Phrase grounding data
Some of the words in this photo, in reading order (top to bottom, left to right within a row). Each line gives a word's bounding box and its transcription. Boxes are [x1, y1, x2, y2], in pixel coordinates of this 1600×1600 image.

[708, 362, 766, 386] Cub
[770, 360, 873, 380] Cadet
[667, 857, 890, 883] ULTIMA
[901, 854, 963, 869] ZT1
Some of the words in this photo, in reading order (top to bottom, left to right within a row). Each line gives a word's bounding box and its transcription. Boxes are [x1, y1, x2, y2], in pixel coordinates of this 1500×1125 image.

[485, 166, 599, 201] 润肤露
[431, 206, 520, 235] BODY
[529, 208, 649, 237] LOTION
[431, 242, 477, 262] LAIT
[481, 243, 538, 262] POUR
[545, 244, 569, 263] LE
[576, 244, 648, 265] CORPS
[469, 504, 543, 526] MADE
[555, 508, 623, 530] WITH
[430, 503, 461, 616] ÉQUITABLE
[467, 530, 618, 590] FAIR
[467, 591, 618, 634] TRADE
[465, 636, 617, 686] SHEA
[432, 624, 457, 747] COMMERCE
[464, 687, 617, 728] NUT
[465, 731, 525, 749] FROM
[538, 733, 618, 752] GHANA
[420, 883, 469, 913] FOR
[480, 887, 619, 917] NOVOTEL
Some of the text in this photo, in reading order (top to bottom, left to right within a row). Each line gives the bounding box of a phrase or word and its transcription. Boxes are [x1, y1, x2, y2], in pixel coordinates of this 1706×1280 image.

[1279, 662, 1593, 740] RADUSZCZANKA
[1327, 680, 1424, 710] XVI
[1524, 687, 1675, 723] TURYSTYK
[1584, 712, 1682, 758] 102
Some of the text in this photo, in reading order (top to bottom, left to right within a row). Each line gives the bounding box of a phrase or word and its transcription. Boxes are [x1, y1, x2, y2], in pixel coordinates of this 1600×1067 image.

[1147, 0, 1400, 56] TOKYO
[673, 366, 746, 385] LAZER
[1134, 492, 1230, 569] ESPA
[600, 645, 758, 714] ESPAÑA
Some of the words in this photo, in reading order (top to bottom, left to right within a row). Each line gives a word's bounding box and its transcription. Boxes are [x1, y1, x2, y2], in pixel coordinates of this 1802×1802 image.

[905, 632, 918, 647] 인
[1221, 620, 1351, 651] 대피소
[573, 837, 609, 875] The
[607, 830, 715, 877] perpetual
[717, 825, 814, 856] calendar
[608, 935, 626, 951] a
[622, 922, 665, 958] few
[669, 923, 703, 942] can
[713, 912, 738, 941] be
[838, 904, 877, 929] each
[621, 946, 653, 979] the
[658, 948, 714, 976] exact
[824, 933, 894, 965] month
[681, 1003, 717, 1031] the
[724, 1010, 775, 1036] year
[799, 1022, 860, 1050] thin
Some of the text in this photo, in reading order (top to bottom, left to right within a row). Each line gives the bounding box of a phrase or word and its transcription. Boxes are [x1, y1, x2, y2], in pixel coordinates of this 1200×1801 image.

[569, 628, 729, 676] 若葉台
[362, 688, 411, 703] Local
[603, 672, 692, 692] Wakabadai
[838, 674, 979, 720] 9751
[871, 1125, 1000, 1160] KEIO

Work order:
Give back each entry exactly as it was written.

Response area:
Some of the words in this photo, in reading order (top to bottom, left to right within a row). Each line gives a word's bounding box and its transcription. Boxes are [x1, y1, x2, y2], in pixel coordinates of this 1600×1600 image.

[708, 362, 766, 386] Cub
[770, 360, 873, 380] Cadet
[667, 857, 890, 883] ULTIMA
[901, 854, 963, 869] ZT1
Some of the words in this photo, in reading order (top to bottom, left to right within a row). Each line gives a word's bounding box and its transcription. Boxes are [x1, y1, x2, y2], in pixel coordinates of this 1500×1125 image.

[485, 166, 599, 201] 润肤露
[431, 206, 520, 235] BODY
[529, 208, 649, 237] LOTION
[431, 242, 477, 262] LAIT
[481, 243, 538, 262] POUR
[545, 244, 569, 263] LE
[576, 244, 648, 265] CORPS
[469, 504, 543, 526] MADE
[555, 508, 623, 530] WITH
[430, 503, 461, 616] ÉQUITABLE
[467, 530, 618, 590] FAIR
[467, 591, 618, 634] TRADE
[465, 636, 617, 686] SHEA
[432, 624, 457, 747] COMMERCE
[464, 687, 617, 728] NUT
[465, 731, 525, 749] FROM
[538, 733, 618, 752] GHANA
[420, 883, 469, 913] FOR
[480, 887, 619, 917] NOVOTEL
Some of the text in this photo, in reading order (top to bottom, left to right within a row). Each line gives the bounding box of a phrase or word and its transcription. Boxes are [x1, y1, x2, y2], in pixel coordinates of this 1706×1280 image.

[1279, 662, 1593, 740] RADUSZCZANKA
[1327, 680, 1424, 710] XVI
[1524, 687, 1675, 723] TURYSTYK
[1584, 712, 1682, 758] 102
Some of the text in this photo, in reading order (top to bottom, left to right within a row). Each line gives the bounding box of a phrase or word and its transcription. Boxes are [x1, y1, x2, y2], in pixel coordinates of this 1600×1067 image.

[1147, 0, 1400, 56] TOKYO
[673, 366, 746, 385] LAZER
[1134, 492, 1230, 569] ESPA
[600, 645, 758, 714] ESPAÑA
Some of the words in this photo, in reading order (top to bottom, left to right within a row). Each line gives a word's bounding box and its transcription. Boxes are [x1, y1, x2, y2], in pixel coordinates of this 1802×1802 image.

[905, 632, 918, 647] 인
[1221, 620, 1351, 651] 대피소
[573, 837, 609, 875] The
[607, 830, 715, 877] perpetual
[717, 825, 814, 856] calendar
[608, 935, 626, 951] a
[622, 922, 665, 958] few
[669, 923, 703, 942] can
[713, 912, 738, 941] be
[838, 904, 877, 929] each
[621, 946, 653, 979] the
[658, 948, 714, 976] exact
[824, 933, 894, 965] month
[681, 1003, 717, 1031] the
[724, 1010, 775, 1036] year
[799, 1022, 860, 1050] thin
Some of the text in this photo, in reading order (top to bottom, left to right within a row). Each line gives the bounding box of a phrase or word and its transcription. Boxes are [x1, y1, x2, y2], in pixel coordinates of this 1200×1801 image.

[569, 628, 729, 676] 若葉台
[362, 688, 411, 703] Local
[603, 672, 692, 692] Wakabadai
[838, 674, 979, 720] 9751
[871, 1125, 1000, 1160] KEIO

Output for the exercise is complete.